The two most popular awards of the night went to French films. Jacques Audiard’s “A Prophet,” by general consensus the best film of the festival, got the Grand Prix, considered Cannes’ runner-up prize.

Made with the filmmaker’s trademark emotional intensity and ability to elevate traditional genre material to exceptional heights, Audiard’s complex story of a young Arab man’s coming of age and into power during six years inside a corrupt, brutal prison got sustained applause when its name was announced.

Also a crowd-pleasing choice was a Special Prize, kind of a lifetime achievement award, which went to 87-year-old director Alain Resnais, who was looking spry with snow-white hair and matching shoes and wearing a red tie against a black shirt. His film “Wild Grass” was as sophisticated and visually playful as the man himself.

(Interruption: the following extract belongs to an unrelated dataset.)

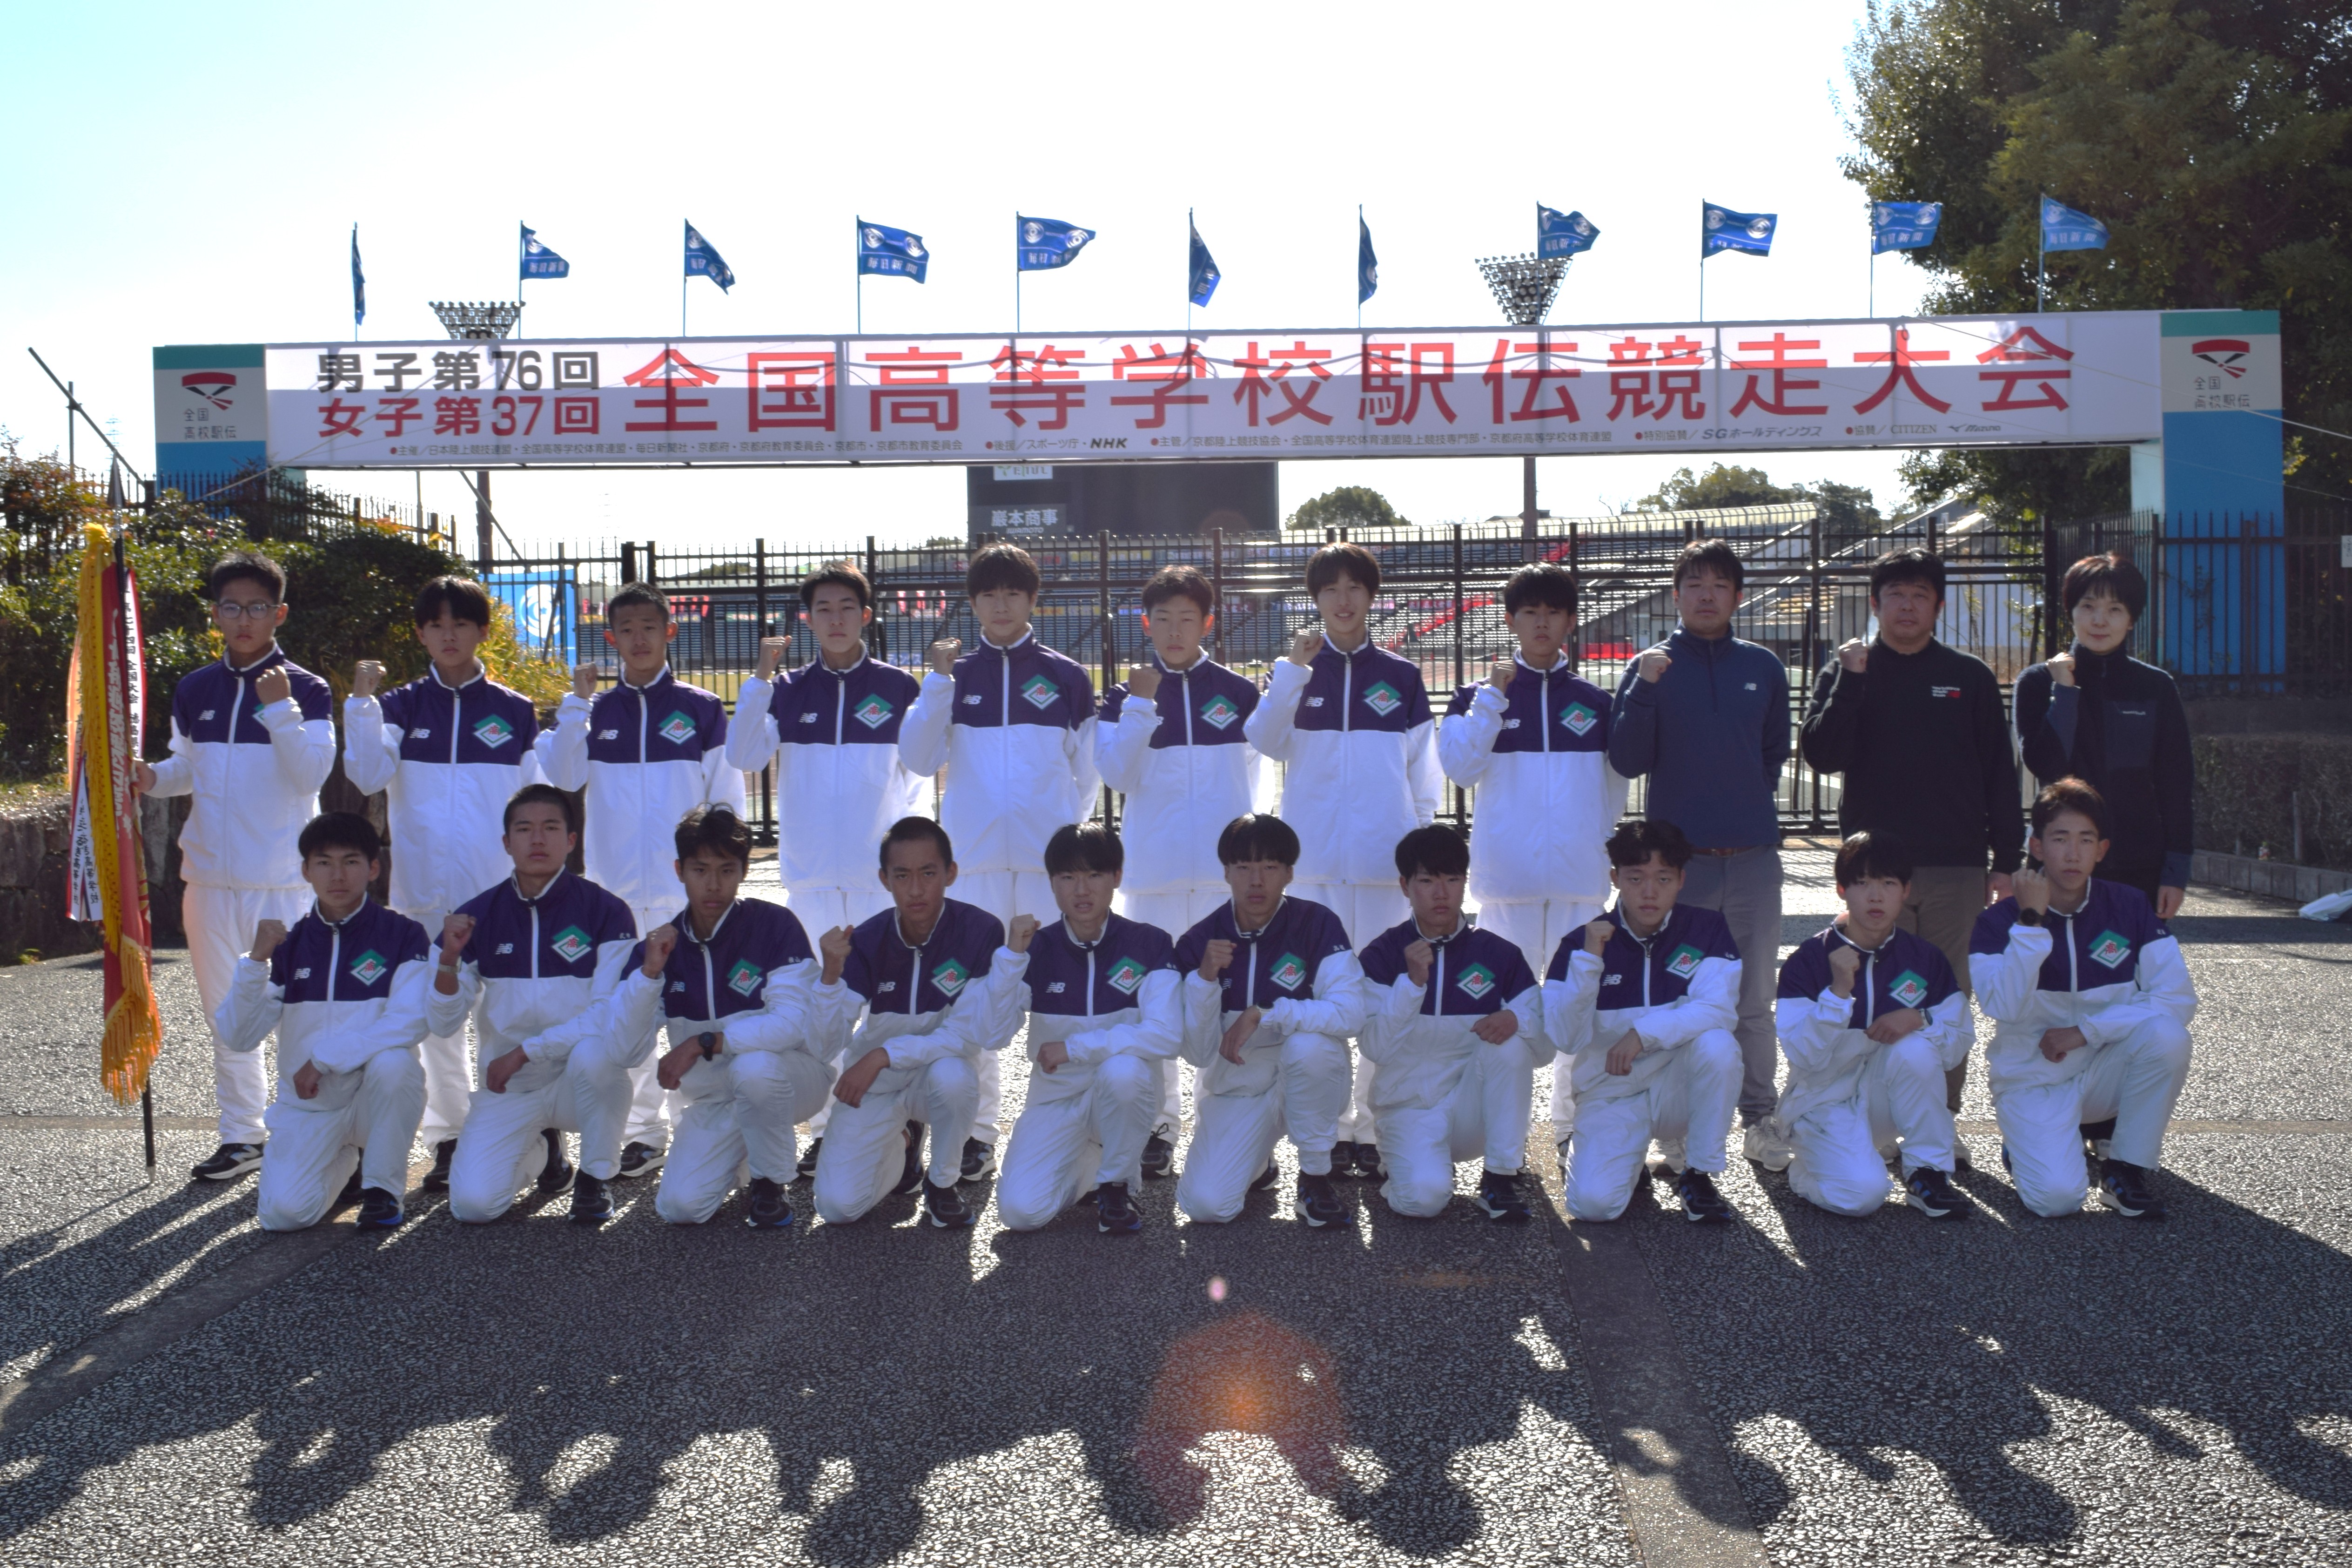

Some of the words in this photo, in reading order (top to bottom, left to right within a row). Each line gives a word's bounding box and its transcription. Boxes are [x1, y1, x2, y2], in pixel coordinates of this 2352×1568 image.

Taking the best actress award was Charlotte Gainsbourg, more popular in France than her film, Lars von Trier’s exceptionally violent “Antichrist,” is likely to be. In tears, Gainsbourg thanked her mother, actress Jane Birkin, and her father, the late singer-songwriter Serge Gainsbourg.

The only American film to claim an award was Quentin Tarantino’s World War II fantasia “Inglourious Basterds,” which took the best actor prize for Christoph Waltz, who plays a Nazi colonel fluent in four languages. Waltz thanked Tarantino, saying “with your passion and conviction, you gave me my vocation back.”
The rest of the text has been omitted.